After the maid had gone, Leonard poured them each coffee in white cups. The porcelain caught the light and glinted.
‘You say you write, Leonard, what are you working on at the moment?’
‘A novel, poetry, lyrics for songs. I get up at seven each day and work until lunchtime. It is cool in the morning and there is a purity in the air, a cleanliness that helps me. If I am stuck I look to the sky, the place which demands the most of the birds and stars. How could I let it down? How could I not honour it by offering it the best words that I can? You cannot deliver smudges to the heavens. It is the home of angels.’
Marianne loved the sound of his gritty voice, listened carefully to each word he said, did not want to miss a syllable. She was calmed by the gentleness of his ideas, so different from the fury of Axel. ‘I want to write but I cannot find the right words.’
‘There
are no right words, just language and music and you have to pluck at them, like you would do grapes from a trellis.’
‘You make it sound easy, but which words do you choose?’
The coffee was strong, the sun gentle, and Marianne felt at ease with him. She thought: when I write, I struggle, yet I can speak so easily to you.
‘It is something to do with the light, the way it pours freely here upon you, connecting you to the truth. You cannot lie in this white sun. It will not let you. It will catch you out.’
‘So writing is telling the truth?’
‘A version of the truth. It is like religion. It asks you to commit yourself to a certain kind of honesty.’
‘It sounds like you are quite religious?’
‘I was brought up in Montreal, going to synagogue with my parents, but it was too rigid, too routine for me, too inflexible, bound by rules. Here I light the candles on Shabbat because I want to, not because I am commanded to, and then I meditate. On Saturdays I go to see Demetri Leousi, an islander here. Do you know him?’ Marianne shook her head. ‘He learned an old-fashioned kind of English in Istanbul so we can talk.
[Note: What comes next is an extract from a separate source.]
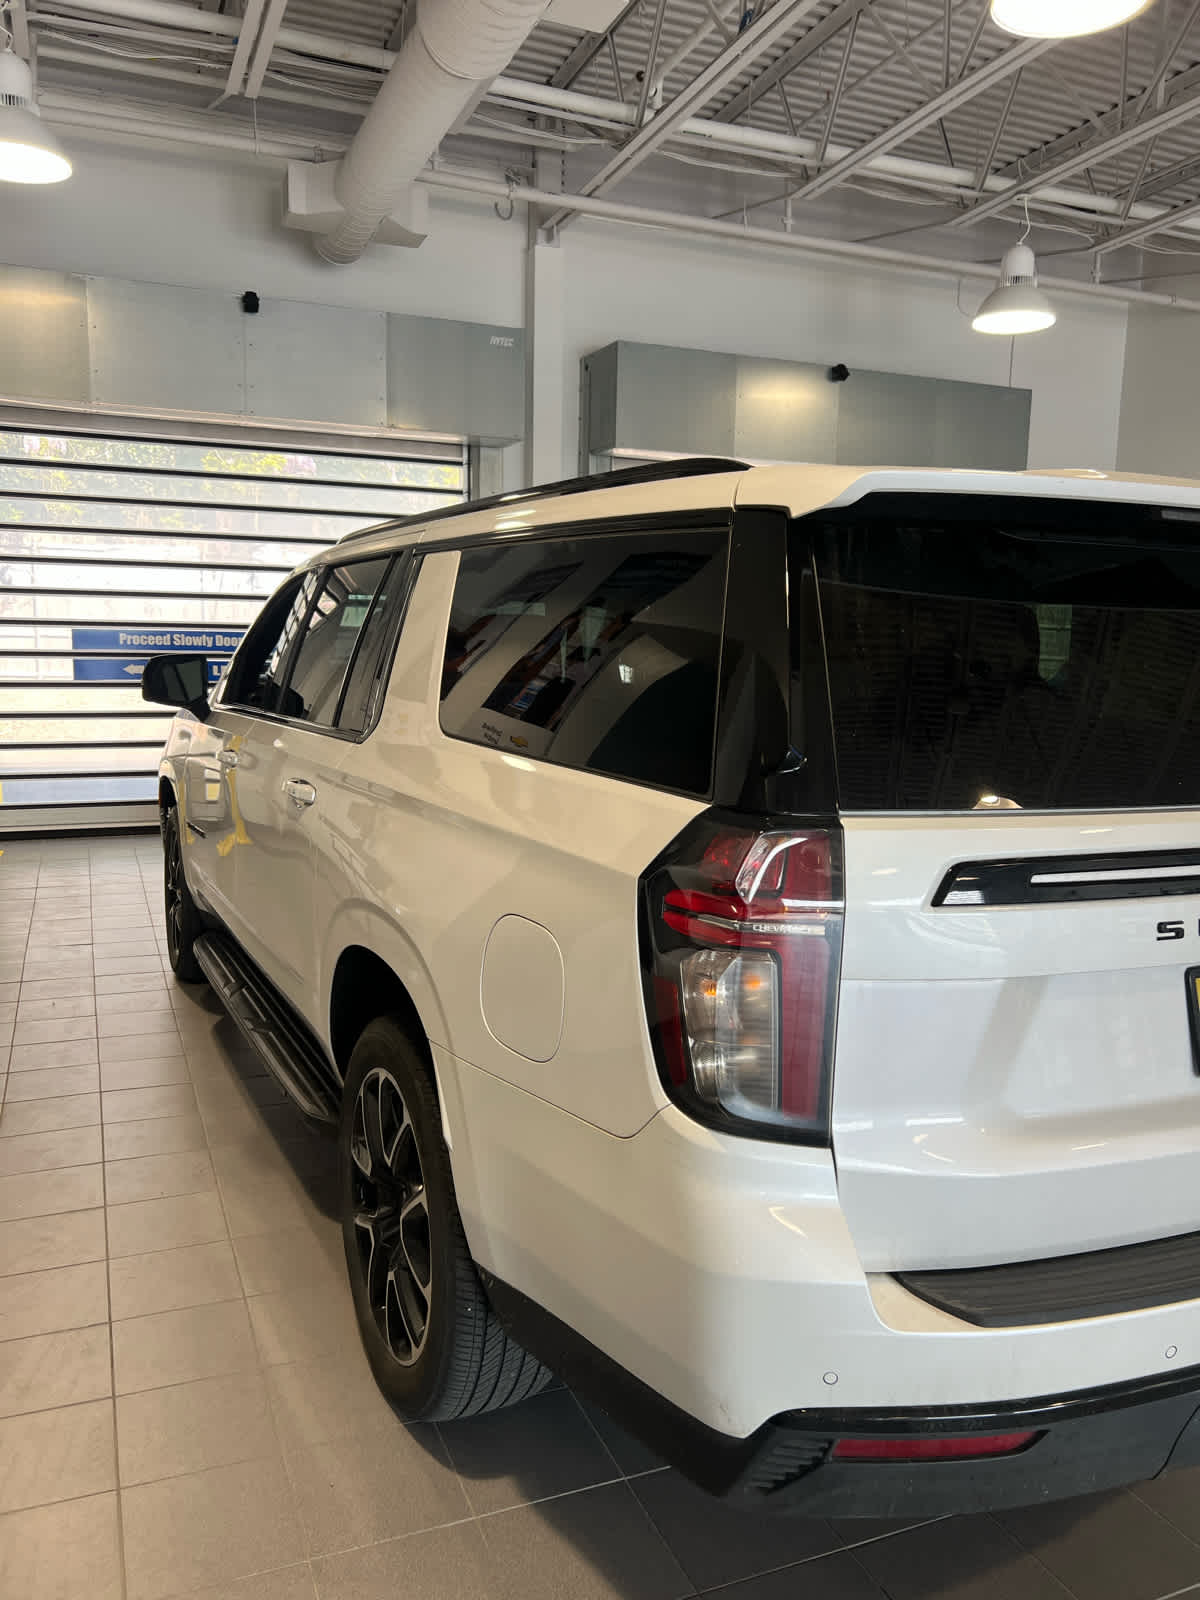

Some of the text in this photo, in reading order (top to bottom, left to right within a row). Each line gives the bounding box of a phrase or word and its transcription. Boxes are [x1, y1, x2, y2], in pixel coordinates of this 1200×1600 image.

[119, 632, 171, 645] Proceed
[173, 633, 213, 647] Slowly
[1156, 918, 1200, 941] S
Also, in New York he fell in love with a Jewish woman so he sees Jews as special, not to be feared. He says that I am the first Jew to own a house on Hydra and he sees that as a gift.’
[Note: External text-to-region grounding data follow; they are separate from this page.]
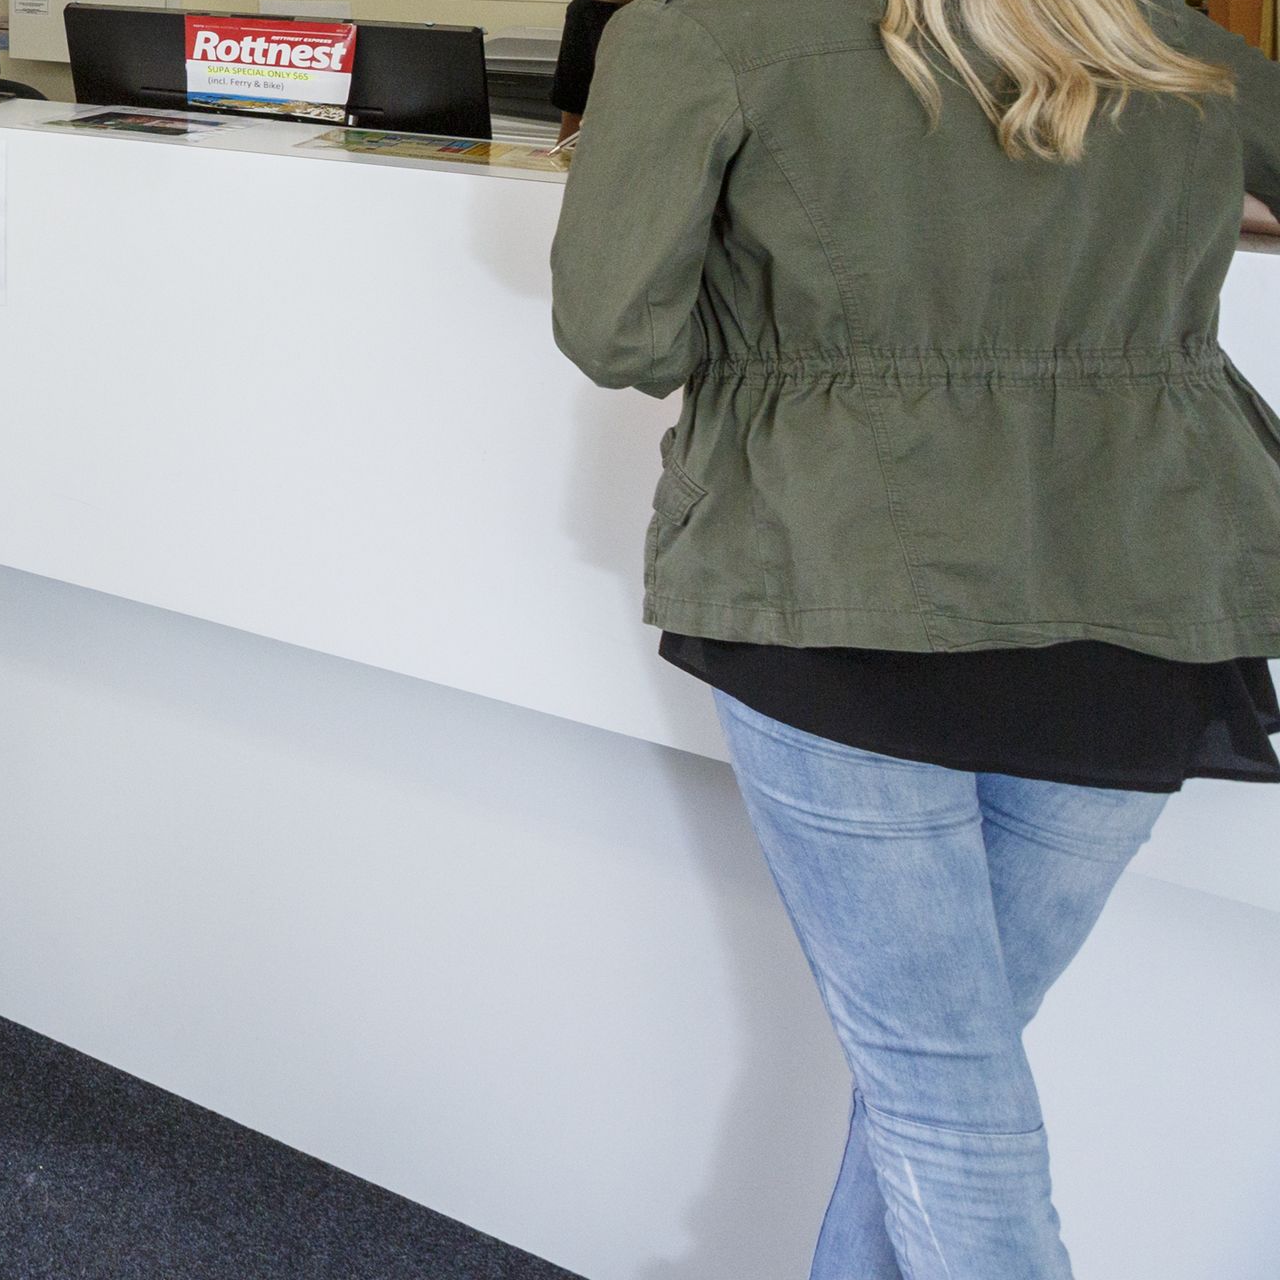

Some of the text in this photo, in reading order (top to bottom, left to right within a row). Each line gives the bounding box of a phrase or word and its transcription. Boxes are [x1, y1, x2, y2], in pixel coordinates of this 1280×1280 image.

[303, 36, 333, 45] EXPRESS
[192, 29, 348, 71] Rottnest
[207, 65, 230, 74] SUPA
[231, 66, 266, 78] SPECIAL
[267, 70, 291, 80] ONLY
[207, 76, 285, 93] (incl. Ferry & Bike)
‘So you have created your own rituals?’
Leonard laughed. ‘Yes, I have replaced my parents’ traditions with my own. That is the irony. But there is so much about Judaism that I love: the juxtaposition of pain and joy. Even in a wedding the bridegroom stamps on glass to recall the destruction of the temple in Jerusalem. The symbolism. The imagery. The poetry: the mountains skipped like rams, the hills like young lambs. I love the psalms. But tell me about you. How do you come to be on Hydra?’
‘I was born in Oslo but my father and brother were both ill with tuberculosis, and my mother had enough to do. So I spent most of my childhood in Larkollen with my grandmother, Momo.’
‘And what was Momo like?’
‘Wonderful. She told me stories about princes and the sea. She made me curious about the world and encouraged me to travel. She fed the birds bread each day and when I was little, I would make too much noise and frighten them away so she taught me how to be still and listen so that the birds would come to me.’